Saved data entries:
Segment Open

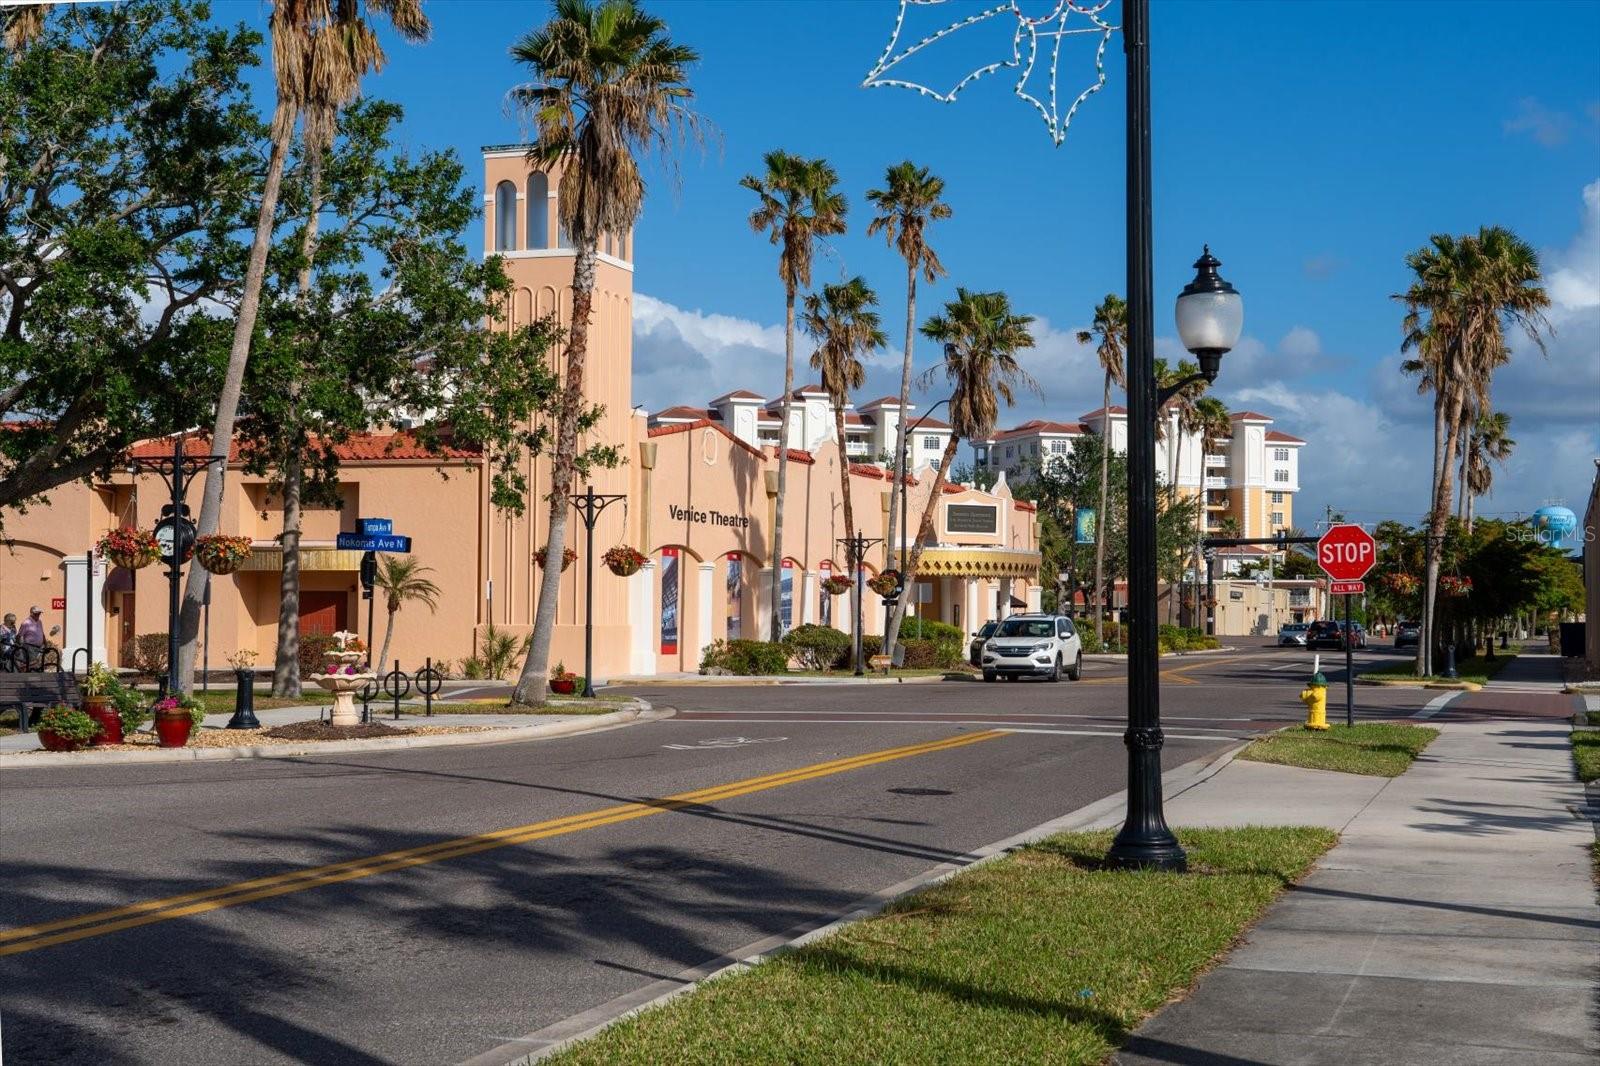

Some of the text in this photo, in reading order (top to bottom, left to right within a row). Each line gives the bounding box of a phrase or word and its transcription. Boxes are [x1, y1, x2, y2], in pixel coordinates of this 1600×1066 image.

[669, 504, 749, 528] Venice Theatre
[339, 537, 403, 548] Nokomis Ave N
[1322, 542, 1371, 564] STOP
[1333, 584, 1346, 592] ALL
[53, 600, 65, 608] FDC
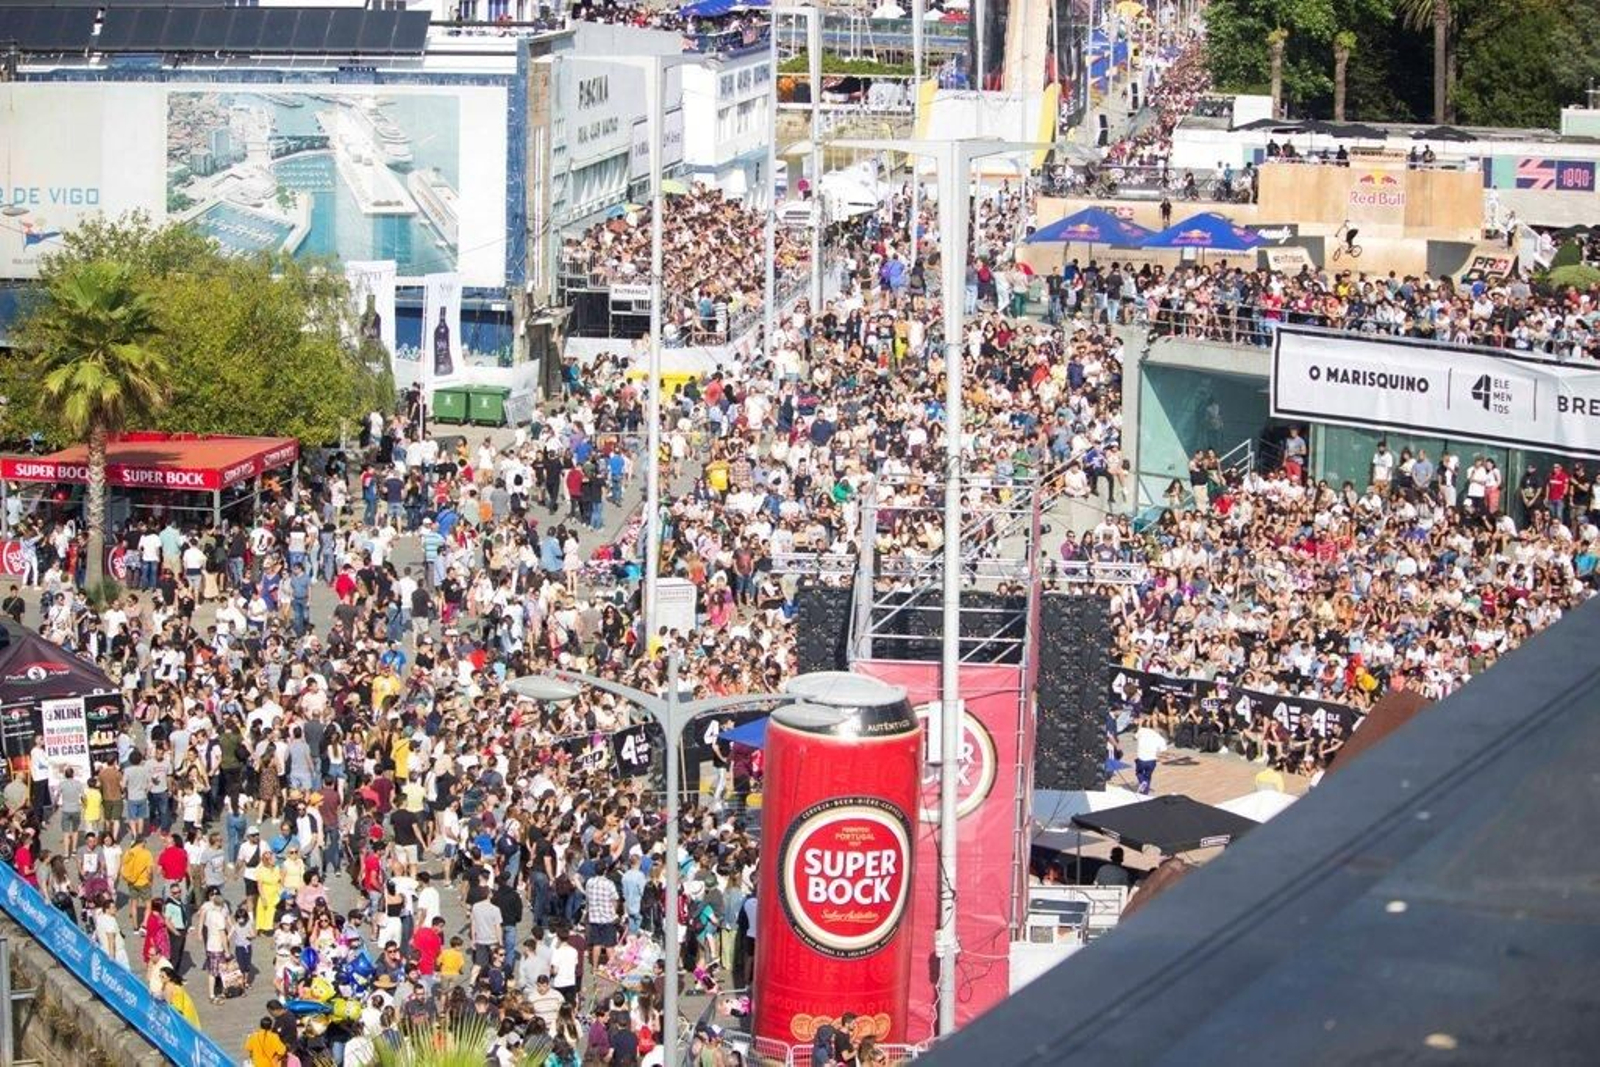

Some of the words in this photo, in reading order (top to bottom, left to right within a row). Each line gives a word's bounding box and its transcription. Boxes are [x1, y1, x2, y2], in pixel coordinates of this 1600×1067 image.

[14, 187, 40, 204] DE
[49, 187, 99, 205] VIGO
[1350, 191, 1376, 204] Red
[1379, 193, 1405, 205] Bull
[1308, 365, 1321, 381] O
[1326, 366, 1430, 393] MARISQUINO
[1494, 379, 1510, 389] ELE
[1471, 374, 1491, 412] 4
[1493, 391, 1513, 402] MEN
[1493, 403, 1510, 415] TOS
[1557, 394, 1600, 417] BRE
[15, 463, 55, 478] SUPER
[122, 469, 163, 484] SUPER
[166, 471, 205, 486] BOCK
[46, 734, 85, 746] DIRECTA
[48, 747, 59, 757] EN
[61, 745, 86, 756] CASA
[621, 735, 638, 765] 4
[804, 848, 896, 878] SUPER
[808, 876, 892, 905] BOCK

Segment Closed

__Instructions to follow__.
Type the entries again verbatim. Drop the images.

__Exercise result__.
Some of the text in this photo, in reading order (top to bottom, left to right within a row). Each line gives the bounding box of a phrase or word and its transcription. Boxes are [x1, y1, x2, y2], in pixel coordinates of this 1600×1066 image.

[669, 504, 749, 528] Venice Theatre
[339, 537, 403, 548] Nokomis Ave N
[1322, 542, 1371, 564] STOP
[1333, 584, 1346, 592] ALL
[53, 600, 65, 608] FDC

Some of the words in this photo, in reading order (top to bottom, left to right within a row). Each line gives a word's bounding box and its transcription. Boxes are [x1, y1, x2, y2], in pixel coordinates of this 1600×1067 image.

[14, 187, 40, 204] DE
[49, 187, 99, 205] VIGO
[1350, 191, 1376, 204] Red
[1379, 193, 1405, 205] Bull
[1308, 365, 1321, 381] O
[1326, 366, 1430, 393] MARISQUINO
[1494, 379, 1510, 389] ELE
[1471, 374, 1491, 412] 4
[1493, 391, 1513, 402] MEN
[1493, 403, 1510, 415] TOS
[1557, 394, 1600, 417] BRE
[15, 463, 55, 478] SUPER
[122, 469, 163, 484] SUPER
[166, 471, 205, 486] BOCK
[46, 734, 85, 746] DIRECTA
[48, 747, 59, 757] EN
[61, 745, 86, 756] CASA
[621, 735, 638, 765] 4
[804, 848, 896, 878] SUPER
[808, 876, 892, 905] BOCK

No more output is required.